Low levels of worker power holding down wages by almost £100 a week

Low levels of worker power – after four decades of falling trade union membership – are likely to be holding wage levels down by as much as £100 a week for the average worker, according to new Resolution Foundation research published today.

Power plays – the 29th report for The Economy 2030 Inquiry, a collaboration with the LSE, funded by the Nuffield Foundation – examines shifts in worker and employer power in the UK labour market over recent decades, and what that means for both the level and distribution of wages.

The research comes as the relative power of firms and workers is in the spotlight as both groups grapple with the cost of inflation hitting a 40-year high, amid widespread talk of strike action this year.
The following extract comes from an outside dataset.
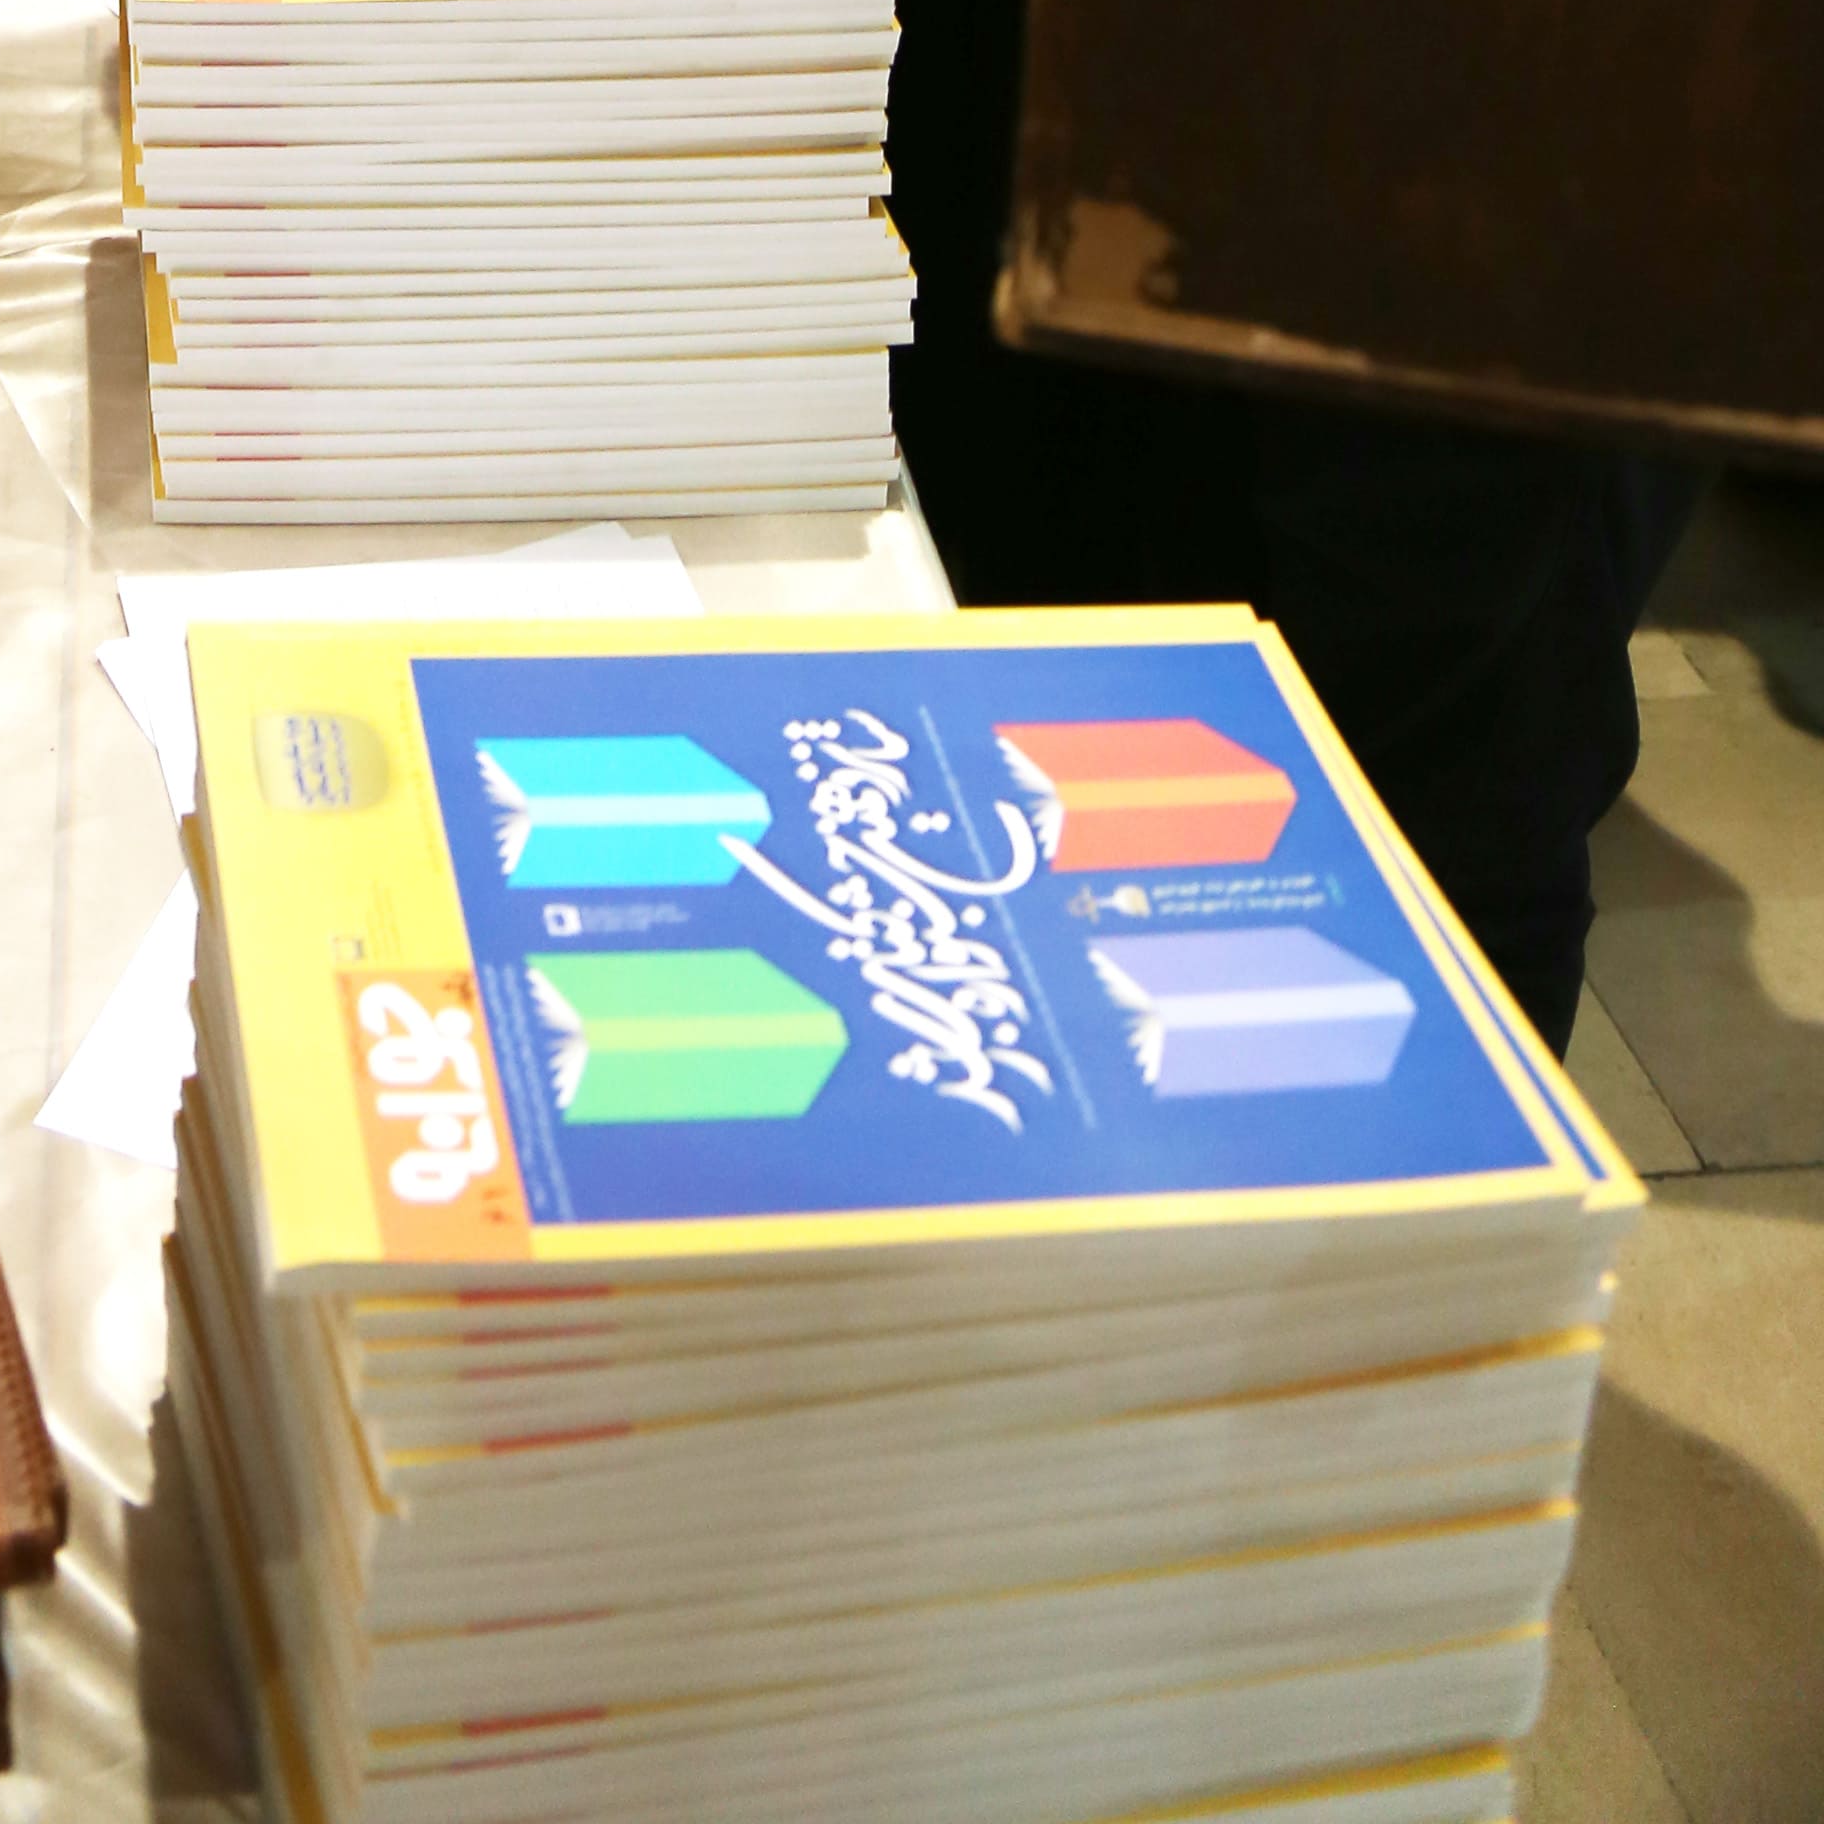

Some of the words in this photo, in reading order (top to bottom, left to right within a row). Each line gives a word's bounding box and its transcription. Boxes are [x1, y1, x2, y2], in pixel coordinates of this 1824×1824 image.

The report notes that while the decline of trade unions in the labour market is well known – membership has more than halved from 53 per cent in 1980 to 23 per cent in 2021, and to just 10 per cent among low paid workers in the private sector – the cause of this decline is less well understood.

It has not been driven by the closure of, or changes at, already-unionised workplaces. Instead there is a clear pattern since the 1980s of newer workplaces not recognising unions.

Firms that are less than ten years old are a third less likely to recognise unions than those that have been in existence for at least a decade. This illustrates the challenge for unions trying to increase membership in the years ahead, say the authors.

This fall in union recognition feeds through to the decline of collective bargaining – where pay and conditions are negotiated at multi-employer levels.

Pay is now overwhelmingly set at a workplace level. Last year, just 3 per cent of workers in the private sector had their pay set at a national or industry level, rising to 67 per cent in the public sector.

The current focus on strikes in the small minority of sectors that remain unionised can hide the fact that worker power has declined in other ways too. In an economy without formalised worker power, employees having the ability and willingness to take another job is their key source of power. But the proportion of workers receiving training that would help them to secure work at another firm has almost halved over the past decade (from 9.1 to 5.5 per cent).

The report notes that while worker power over wage setting has declined, state power has increased via the introduction and ramping up of the minimum wage. However, this national wage-setting necessarily only covers the lowest earners, and doesn’t cover the far wider range of workplace issues – from training to working conditions – that unions do.

Power plays finds that unions’ diminished role in negotiating pay with staff has increasingly been replaced by management-led wage-setting. In 2011, employees in around four-in-five workplaces had their pay set by management, up from 70 per cent in 1998.

While worker power in the labour market has fallen in recent decades, employer power has remained steady. The report finds that employer power – how dominant big employers are in local labour markets – has fallen recently but only after rising in the run-up to the financial crisis. This matters as firms with dominant ‘monopsony’ power can pay labour wages than they would have to in a competitive jobs market.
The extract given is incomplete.